» SUPPLIED MATERIAL:
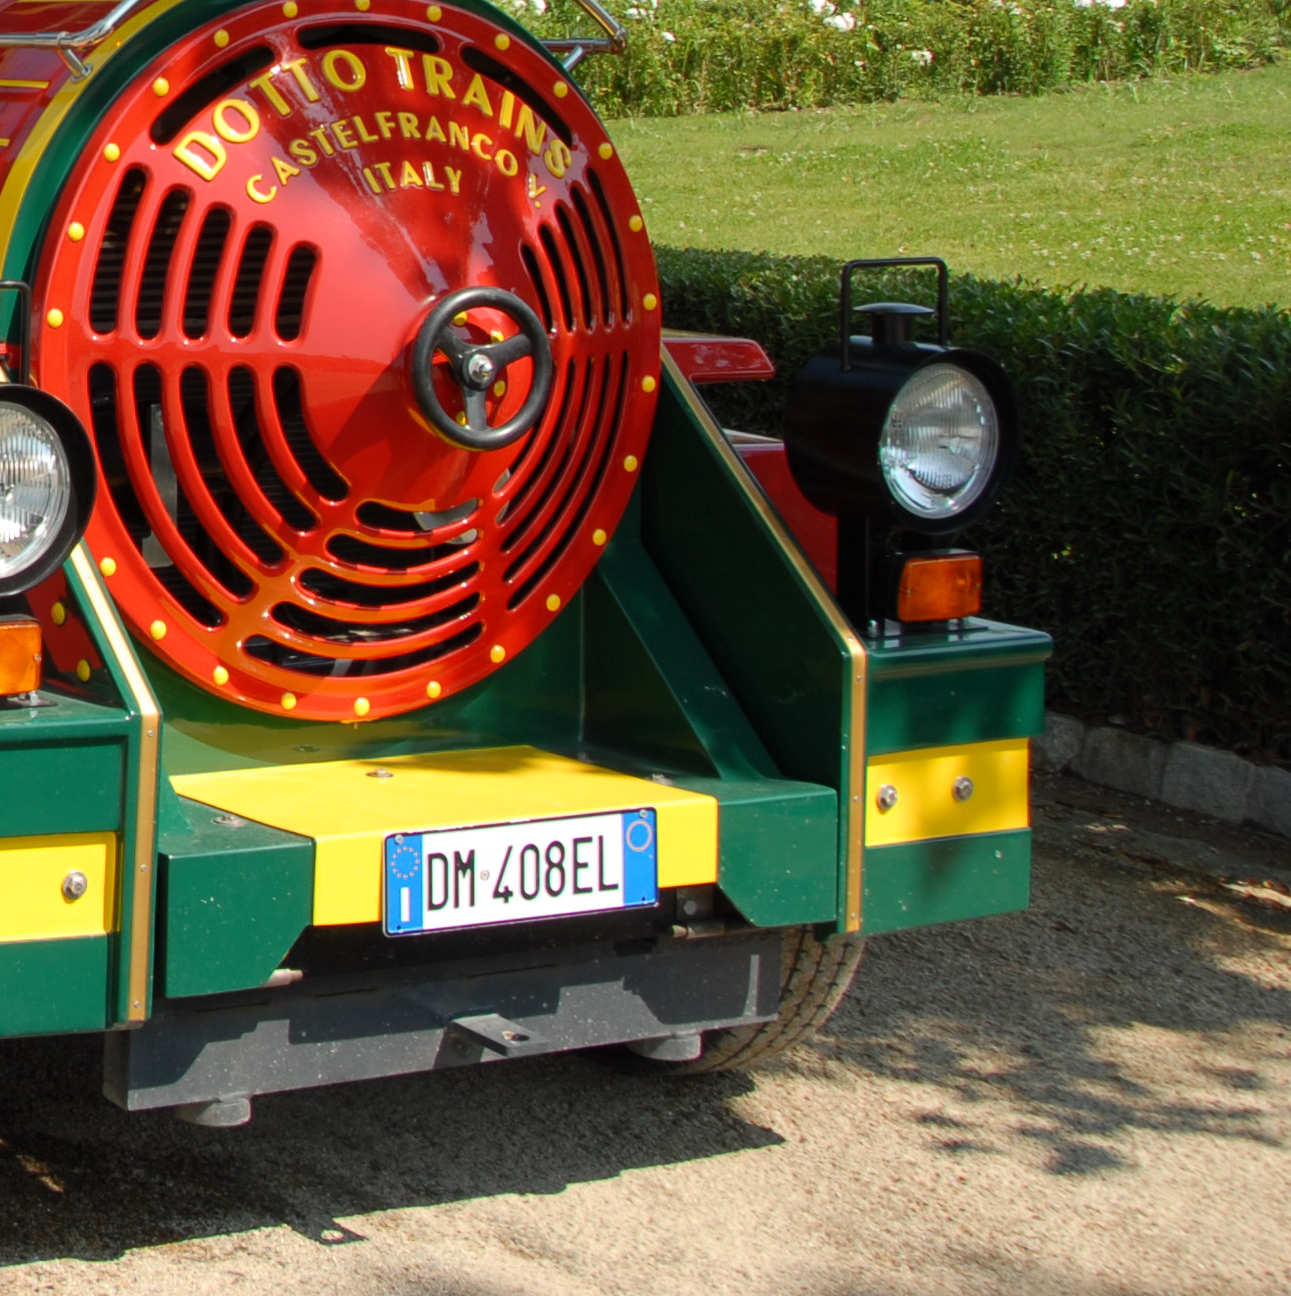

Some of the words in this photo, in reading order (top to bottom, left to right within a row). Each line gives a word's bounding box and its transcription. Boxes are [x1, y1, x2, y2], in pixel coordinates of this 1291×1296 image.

[173, 48, 366, 182] DOTTO
[384, 46, 572, 179] TRAINS
[245, 110, 519, 205] CASTELFRANCO
[362, 160, 463, 196] ITALY
[427, 849, 475, 912] DM
[492, 835, 619, 905] 408EL

» TASK STATEMENT:
Output everything in the records exactly, leaving pictures out.

» ANSWER AREA:
Some of the words in this photo, in reading order (top to bottom, left to right within a row). Each line gives a word's bounding box and its transcription. Boxes are [x1, y1, x2, y2], in pixel coordinates of this 1291×1296 image.

[173, 48, 366, 182] DOTTO
[384, 46, 572, 179] TRAINS
[245, 110, 519, 205] CASTELFRANCO
[362, 160, 463, 196] ITALY
[427, 849, 475, 912] DM
[492, 835, 619, 905] 408EL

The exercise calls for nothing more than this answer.